The Silent Patient by way of Stephen King: Parker, a young, overconfident psychiatrist new to his job at a mental asylum miscalculates catastrophically when he undertakes curing a mysterious and profoundly dangerous patient.
In a series of online posts, Parker H., a young psychiatrist, chronicles the harrowing account of his time working at a dreary mental hospital in New England. Through this internet message board, Parker hopes to communicate with the world his effort to cure one bewildering patient.We learn, as Parker did on his first day at the hospital, of the facility’s most difficult, profoundly dangerous case—a forty-year-old man who was originally admitted to the hospital at age six. This patient has no known diagnosis. His symptoms seem to evolve over time. Every person who has attempted to treat him has been driven to madness or suicide.
Desperate and fearful, the hospital’s directors keep him strictly confined and allow minimal contact with staff for their own safety, convinced that releasing him would unleash catastrophe upon the outside world.

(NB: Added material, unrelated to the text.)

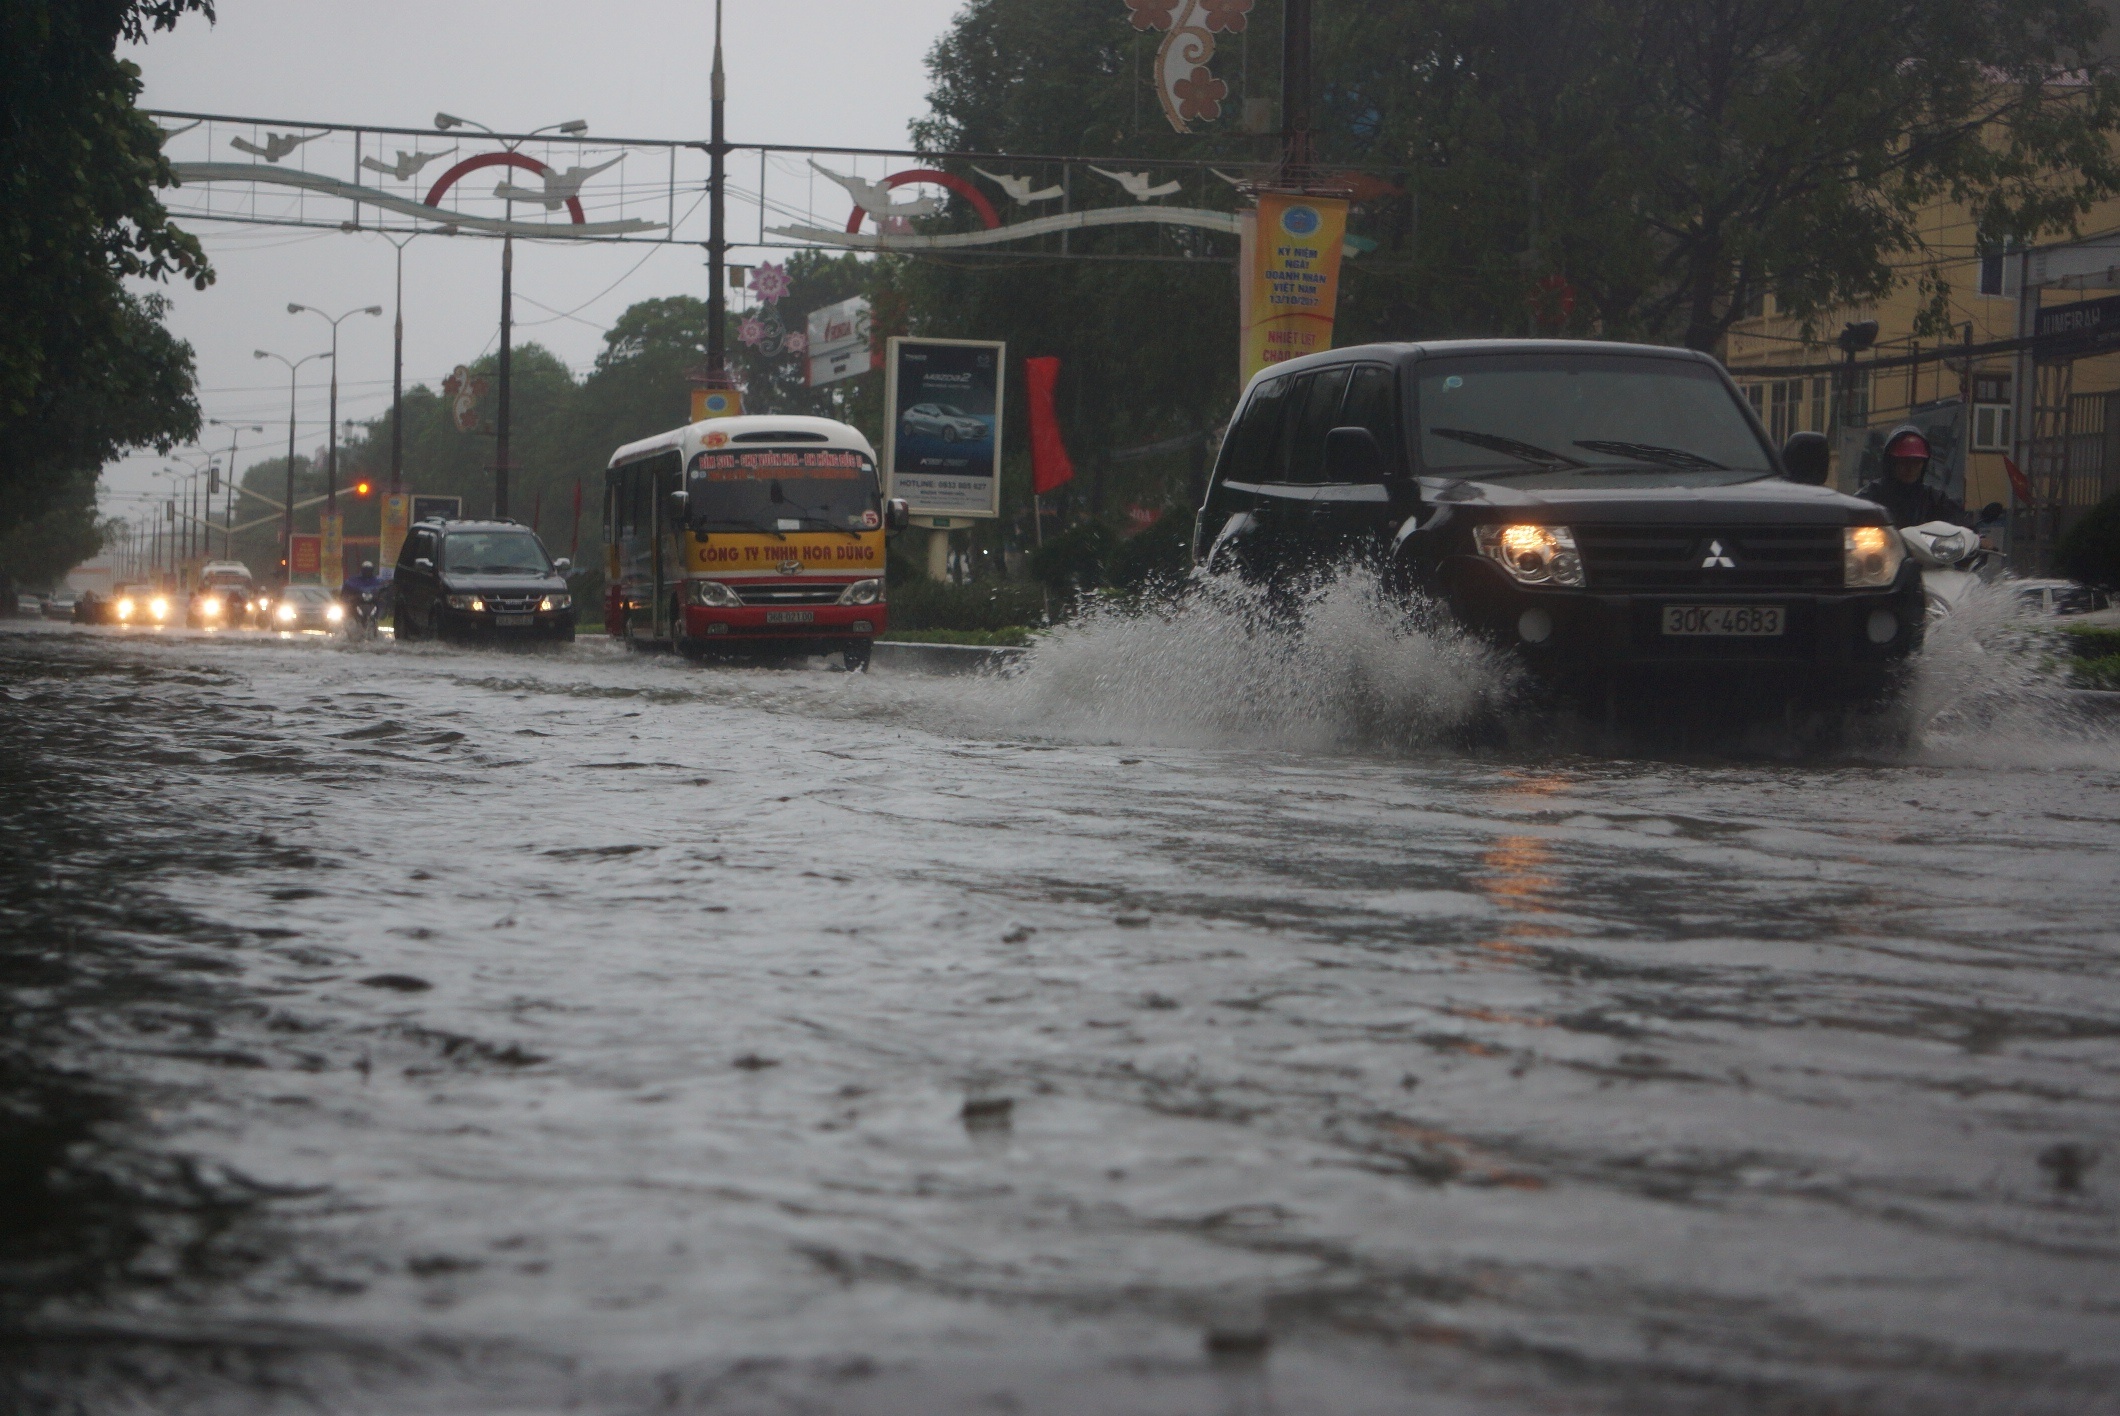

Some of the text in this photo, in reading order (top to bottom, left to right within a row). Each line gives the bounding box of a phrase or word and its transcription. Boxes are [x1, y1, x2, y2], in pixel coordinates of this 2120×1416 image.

[1266, 271, 1299, 280] DOANH
[700, 542, 875, 562] CÔNG TY TNHH HOA DŨNG

Parker, brilliant and overconfident, takes it upon himself to discover what ails this patient and finally cure him. But from his first encounter with the mysterious patient, things spiral out of control and, facing a possibility beyond his wildest imaginings, Parker is forced to question everything he thought he knew.

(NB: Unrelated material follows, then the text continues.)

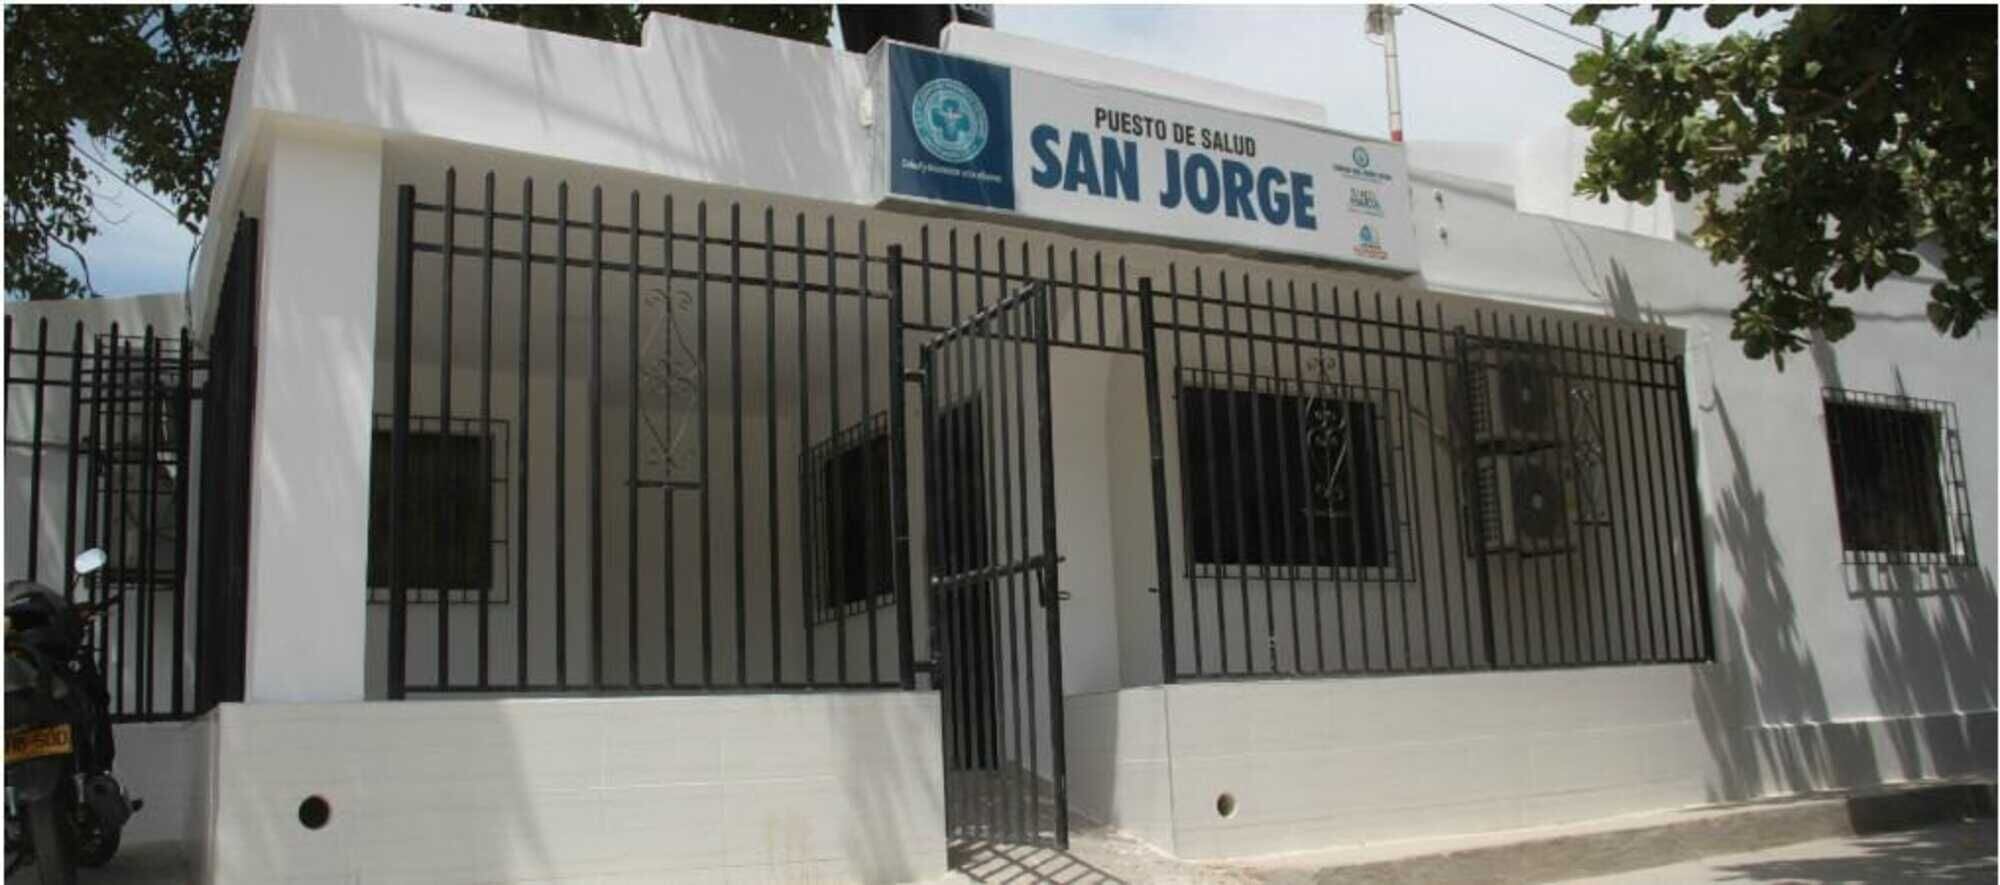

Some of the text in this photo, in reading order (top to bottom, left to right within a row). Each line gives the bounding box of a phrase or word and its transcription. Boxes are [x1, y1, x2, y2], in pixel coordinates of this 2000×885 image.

[1094, 107, 1257, 158] PUESTO DE SALUD
[1030, 123, 1318, 231] SAN JORGE

Fans of Sarah Pinborough’s Behind Her Eyes and Paul Tremblay’s The Cabin at the End of the World will be riveted by Jasper DeWitt’s astonishing debut.

REVIEW AS A READER:
I researched "best psychological thrillers" on Bard.google.com and this book, The Patient, came up as number one. I read through the Amazon description, but I chose it based on Bard's recommendation.
The psychological mystery and drama started from the first page. The mystery was subtle at first, but it was definitely there. I was hooked and wanted to know more from the first page. The story unfolded slowly but it was never boring.
Reading the book was like driving on long winding roads, not knowing the ultimate destination, and also not being sure what lay right around the bend. The drama moved along without stop. The story never sagged or drove off onto some boring side road. The mystery and suspense were constant.
There was an intimacy in the story as some of it was written in first person. Other parts were written in third person where the story took on more of a bird's eye view and a bit of narration. It all worked and added to the mystique of the book.
I did feel that at the end of the book, the ending veered off into a bit of unexpected sci-fi or fantasy I was not expecting, but it was still an enjoyable book from start to finish.